When Police call Paul, they provide a mass of detailed information about the missing person and the circumstances, including a pro-forma setting out much of the detail needed. He constructs the possible survival scenarios and the TFFS for each. Police incorporate this in the planning and conduct of the SAR.

He emphasises the importance of the close working relationship and mutual trust developed over many years, which has many times been a key factor in bringing a missing person home alive.  "It is a privilege to work with the extraordinary people involved in search and rescue who are immensely capable, highly trained, and adaptable. They come from many agencies, including Police, State Emergency Services, aircrew, ambulance and fire services."

Paul is astounded and dismayed by how many individuals still enter the water without proper preparation. He observes a common pattern: people underestimate risks, rely on inexpensive safety gear that just meets regulations, buy a lifejacket, and then neglect to wear it. They also lack familiarity with using the Emergency Position Indicating Radio Beacon (EPIRB), haven’t practised boarding the life raft, and don’t consider the unforeseen.
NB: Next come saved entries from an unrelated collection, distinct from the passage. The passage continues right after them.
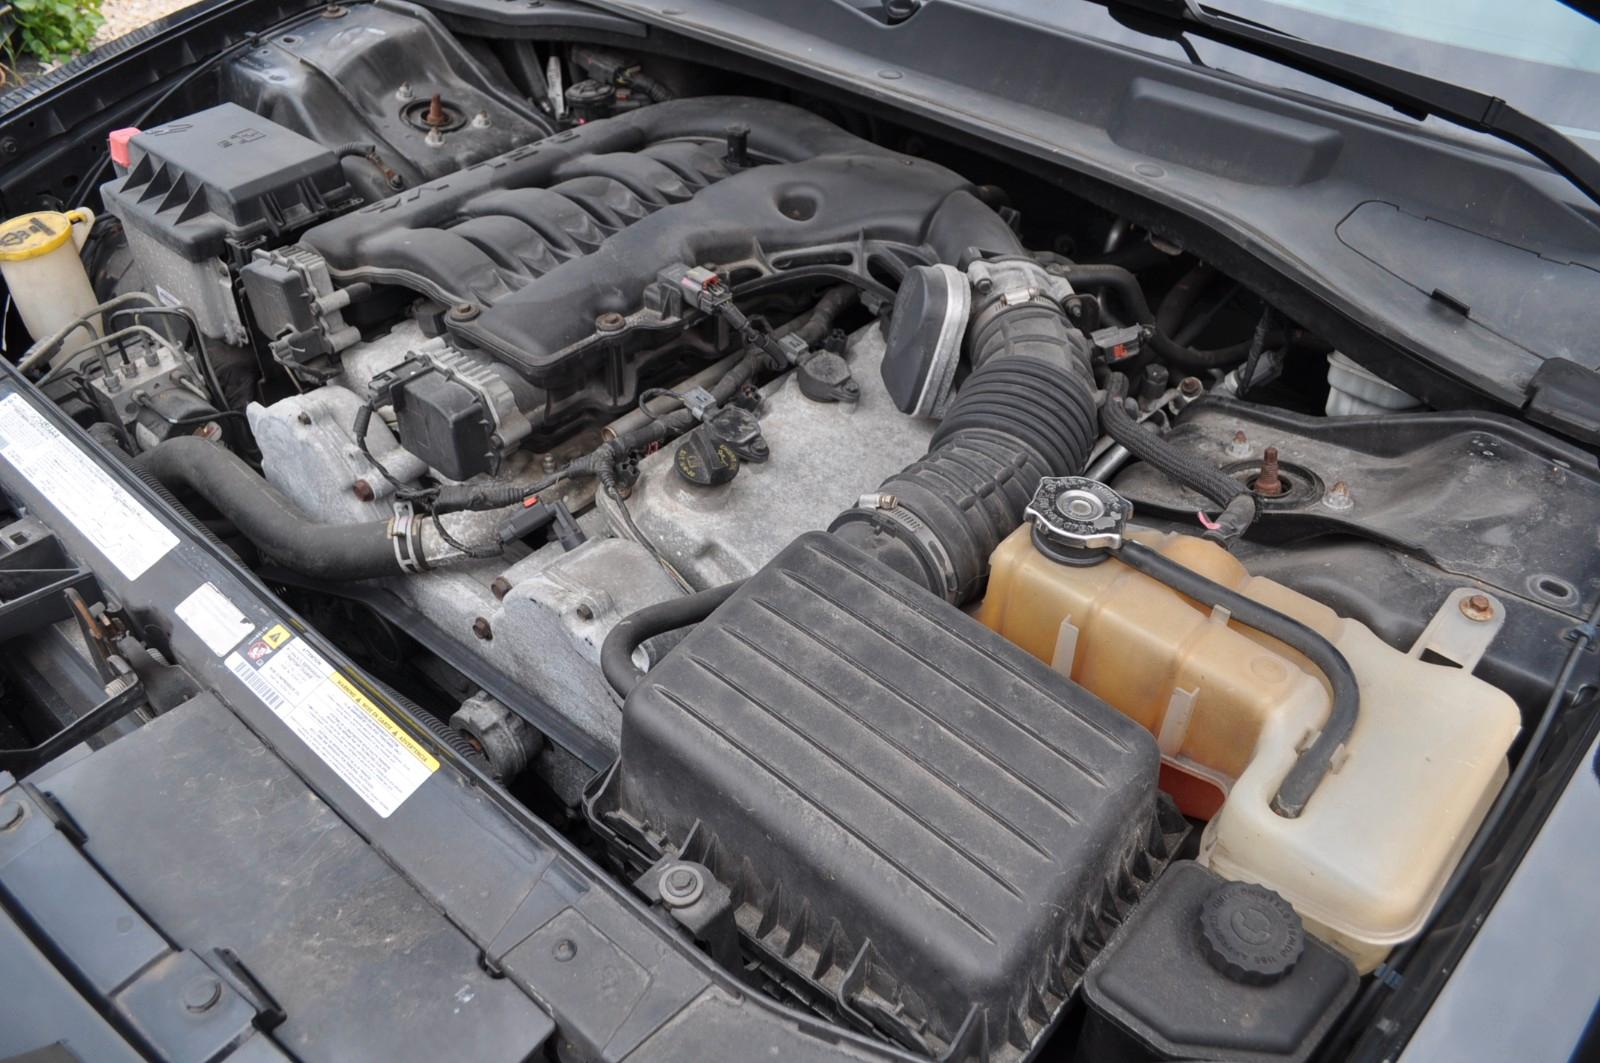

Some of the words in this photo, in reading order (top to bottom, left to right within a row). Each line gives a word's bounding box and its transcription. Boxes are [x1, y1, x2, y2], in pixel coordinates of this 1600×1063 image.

[336, 679, 356, 698] WARNING
[376, 715, 392, 730] GARDE
[398, 734, 428, 762] ADVERTENCIA
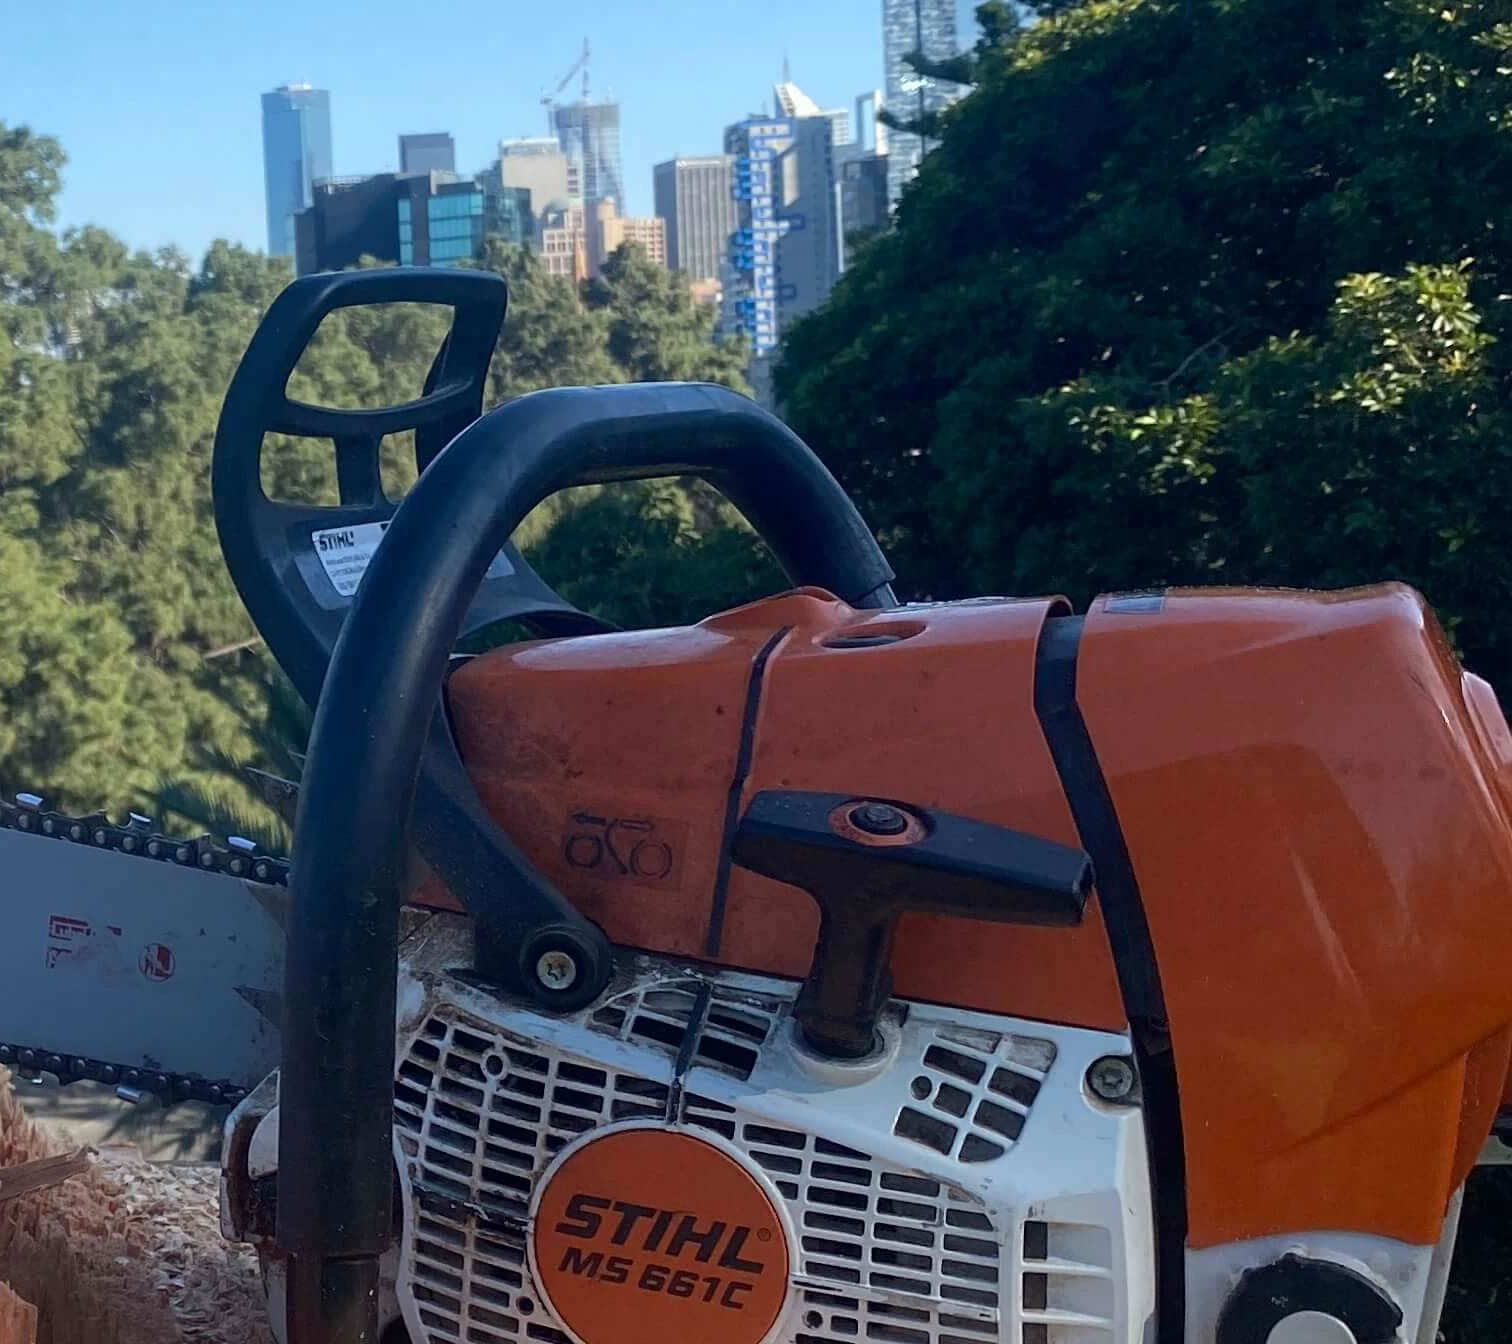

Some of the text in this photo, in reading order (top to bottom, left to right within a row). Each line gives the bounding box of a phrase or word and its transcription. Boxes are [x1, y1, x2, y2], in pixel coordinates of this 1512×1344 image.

[319, 531, 354, 551] STIHL
[554, 1193, 764, 1275] STIHL
[558, 1247, 754, 1310] MS 661C
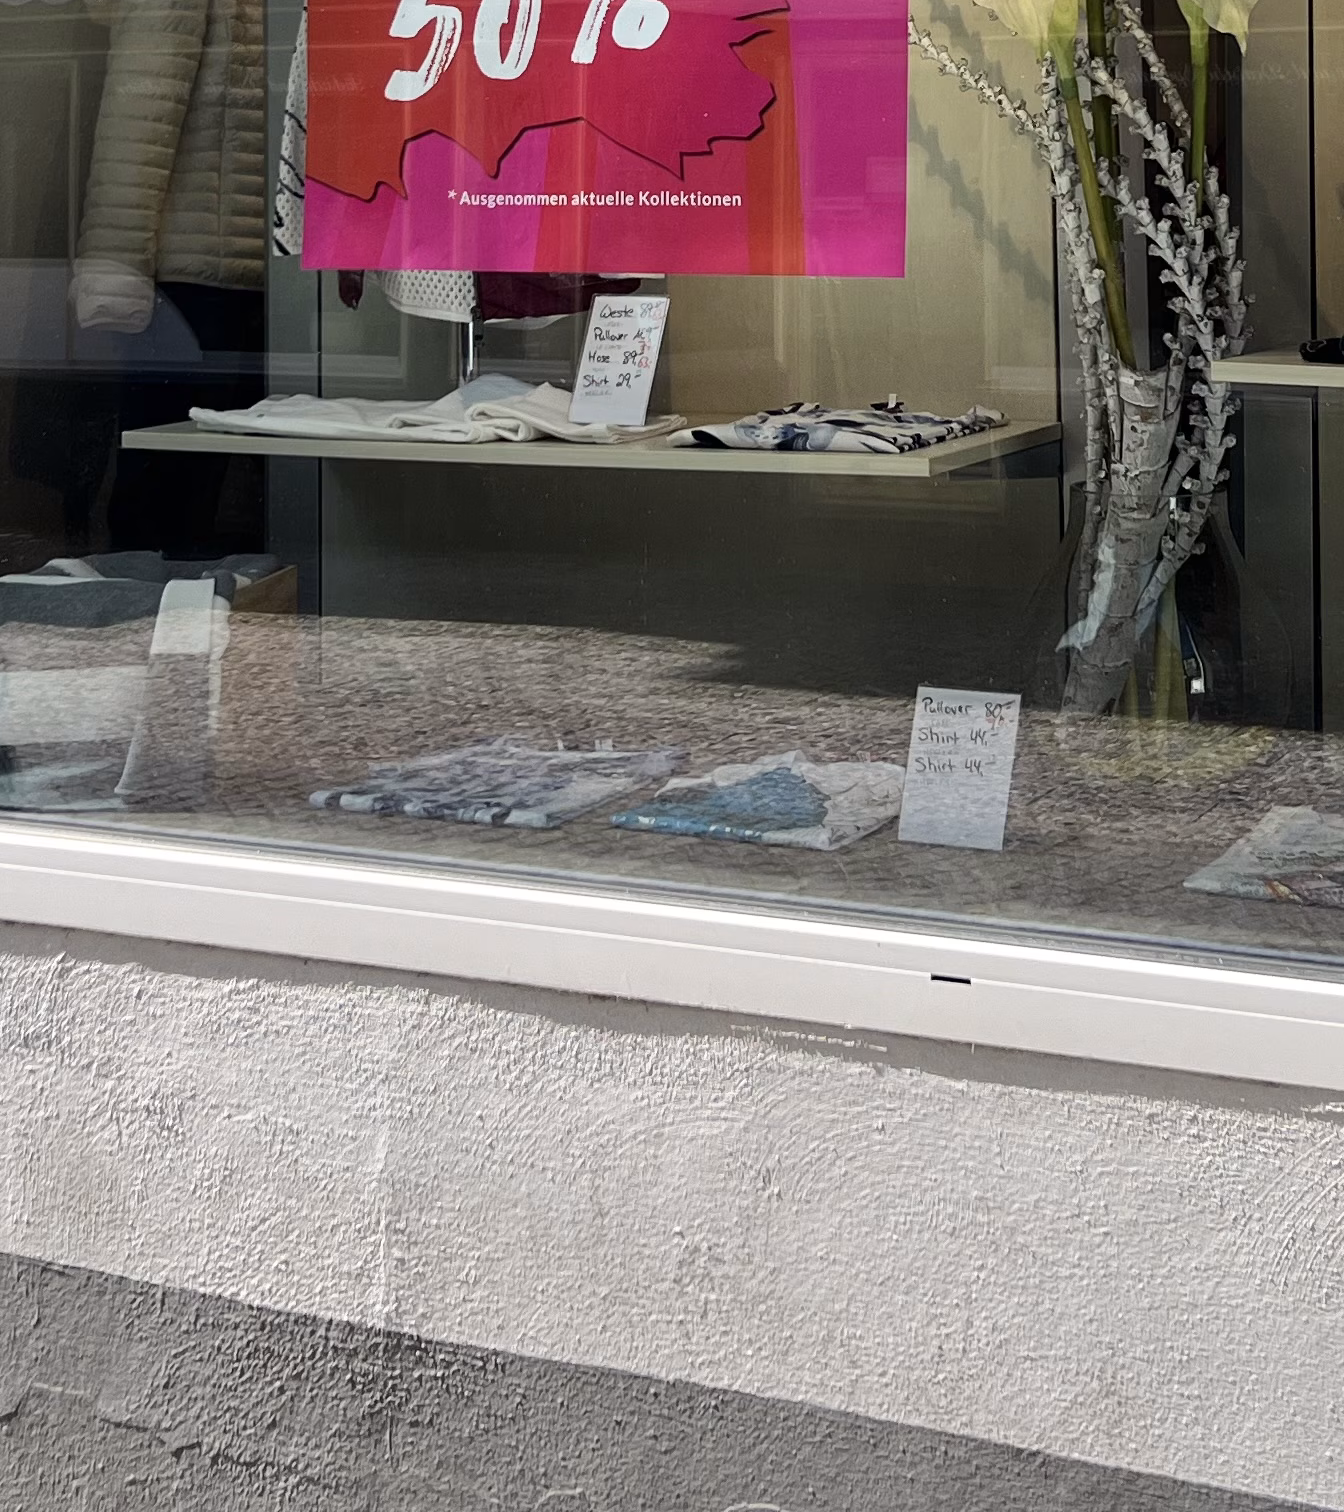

His message is clear: effective training and preparation are crucial for saving lives.

“Don't just plan for a pleasant outing, but plan and prepare to survive,” he adds.

This advice is relevant for the public, maritime professionals, and experienced responders alike. Anyone participating in water activities must understand how to stay afloat, signal for help, conserve energy, and operate all the equipment on their vessel. Most importantly, they should regularly practice these skills, so they are ready when needed.

Paul will also present at the Australia Regional Seminar in Sydney in August, with his presentation titled 'Medical Factors Affecting Survival in Water'.